La gestione dei rifiuti, affidata alla società Agesp, ha subito modifiche radicali le cui conseguenze stanno provocando disagi notevoli e creando serie preoccupazioni tra i residenti.
Recentemente Agesp ha introdotto:
- Sacchi dell’indifferenziata azzurri con microchip, da 50 a 40 litri.
- Raccolta dei rifiuti indifferenziati e di quelli contenenti pannolini estesa a quindicinale.
Tali cambiamenti hanno peggiorato significativamente la situazione, causando l’accumulo di rifiuti in diverse parti della città, con gravi rischi per il decoro urbano e la salute pubblica. L’approccio intransigente dei vertici di Agesp e le dichiarazioni poco rispettose di esponenti comunali non fanno che aggravare il malessere cittadino.
L’amministratore unico di Agesp Spa, il sig. Francesco Iadonisi, ha optato per una “linea dura” contro i cittadini, mentre il consigliere comunale, Alex Gorletta, ha oltraggiato pubblicamente i bustocchi, denotando una totale mancanza di rispetto e comprensione verso chi affronta quotidianamente questi disagi.
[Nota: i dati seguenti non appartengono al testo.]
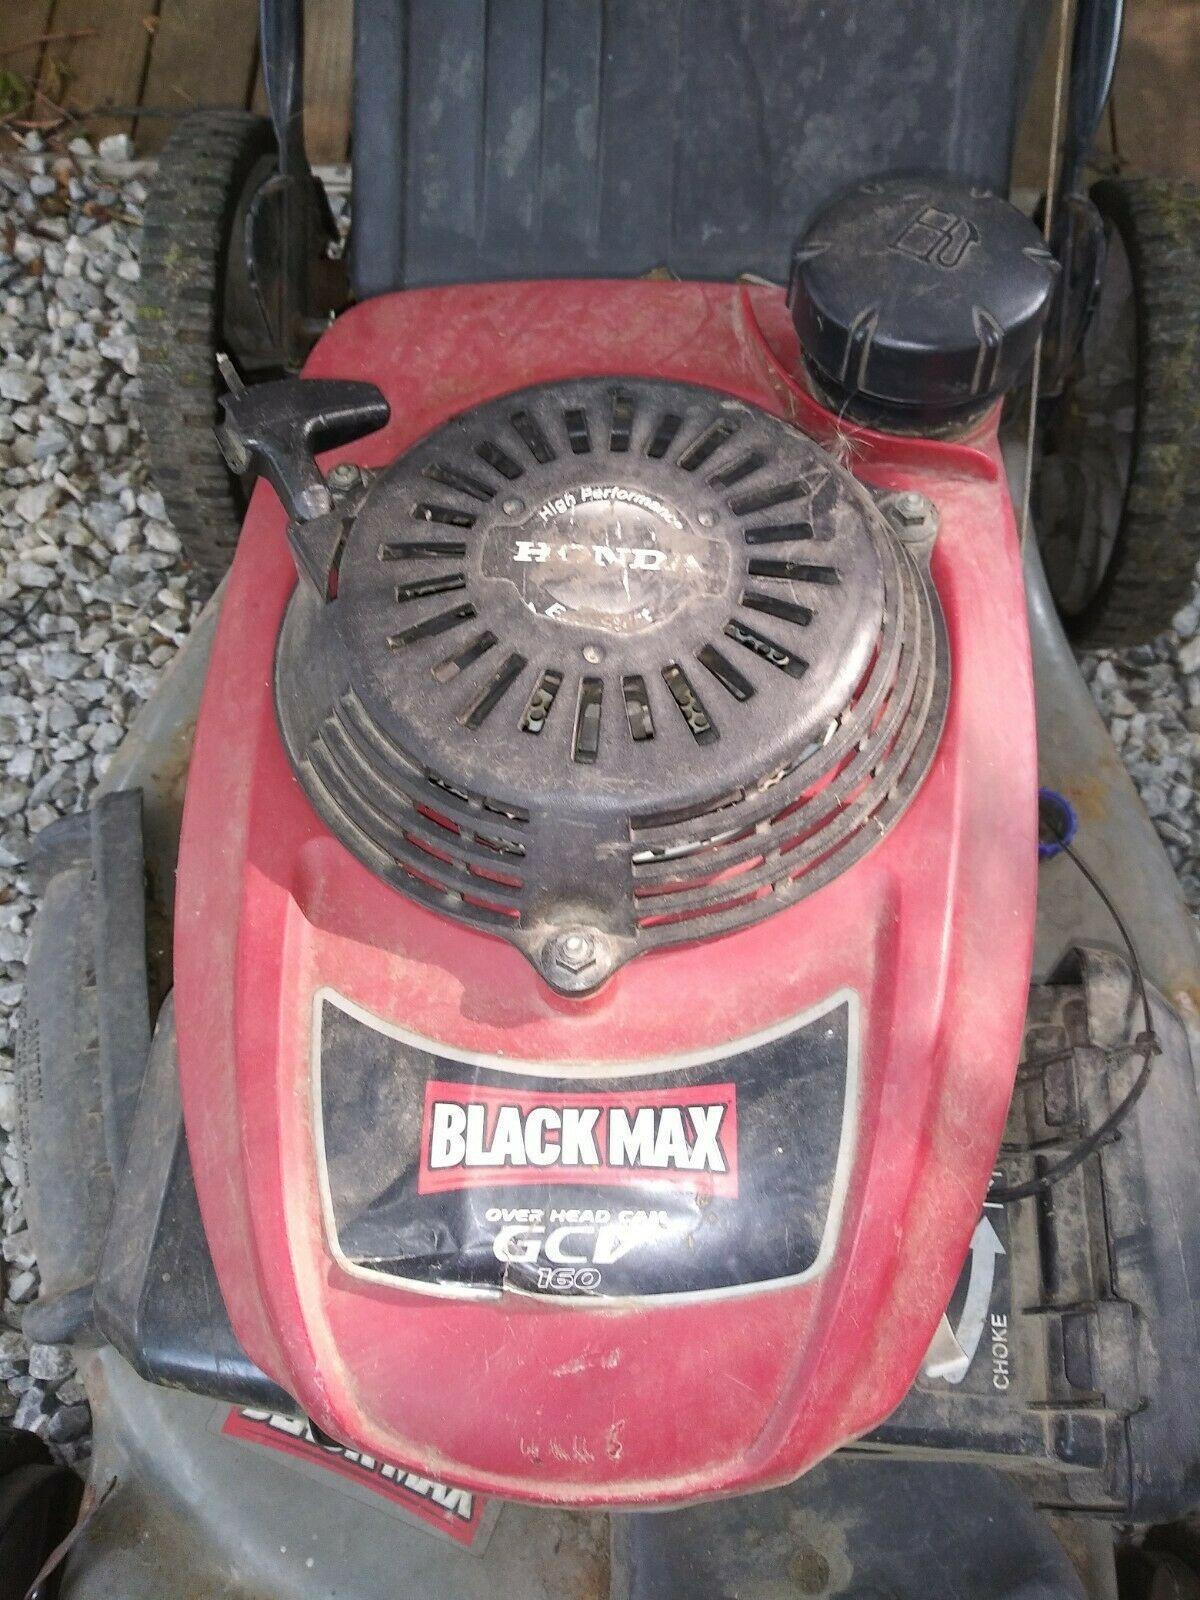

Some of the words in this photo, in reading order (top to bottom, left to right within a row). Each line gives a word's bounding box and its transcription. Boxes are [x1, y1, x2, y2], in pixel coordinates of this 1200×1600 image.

Questi sono i punti salienti che necessitano una riflessione:
- La raccolta quindicinale, specie nei mesi caldi, pone seri problemi sanitari.
- Risparmio economico per Agesp a discapito dei cittadini, con prospettive di aumento della Tari.
- Gestione discriminatoria dei rifiuti nella città. In Centro sono stati raccolti, in altre zone sono ancora lì, sotto il sole. Un altro aspetto del trattamento discriminatorio emerge dalla distribuzione dei giorni di raccolta. La “Zona 1”, una delle più centrali, riceve un disservizio di raccolta in agosto, costringendo i residenti a convivere con i rifiuti per un periodo prolungato di quasi un mese.
- Difficoltà per anziani e non autosufficienti a gestire autonomamente i loro rifiuti.
- Presenza di discariche abusive, preesistenti e mai adeguatamente affrontate.
Di fronte a questa situazione, ecco alcune azioni concrete:
- Visto che Agesp non ritira, basta segnalare eventuali rischi igienico-sanitari all’ASL, per tutelare la salute pubblica.
- Rivolgersi alle associazioni dei consumatori per informazioni riguardo possibili riduzioni della Tari legate alla mancata raccolta dei rifiuti, come indicato dalla Corte di Cassazione.
- Sarebbe opportuno che, autorità competenti e Agesp, riconsiderino le recenti modifiche introdotte e pongano al centro delle loro azioni, come loro dovere, il benessere e la salute dei cittadini di Busto Arsizio. La gestione dei rifiuti non deve trasformarsi in una fonte di disagio e divisione all’interno della comunità.
- Ancora più opportuno che valutino una revisione dell’adeguatezza delle persone al momento incaricate della gestione dei rifiuti e delle relative politiche, alla luce dell’evidente incapacità di assicurare un servizio efficiente e rispettoso delle necessità cittadine. Sono certo che da qualche parte, amministratori capaci e consiglieri comunali educati esistano.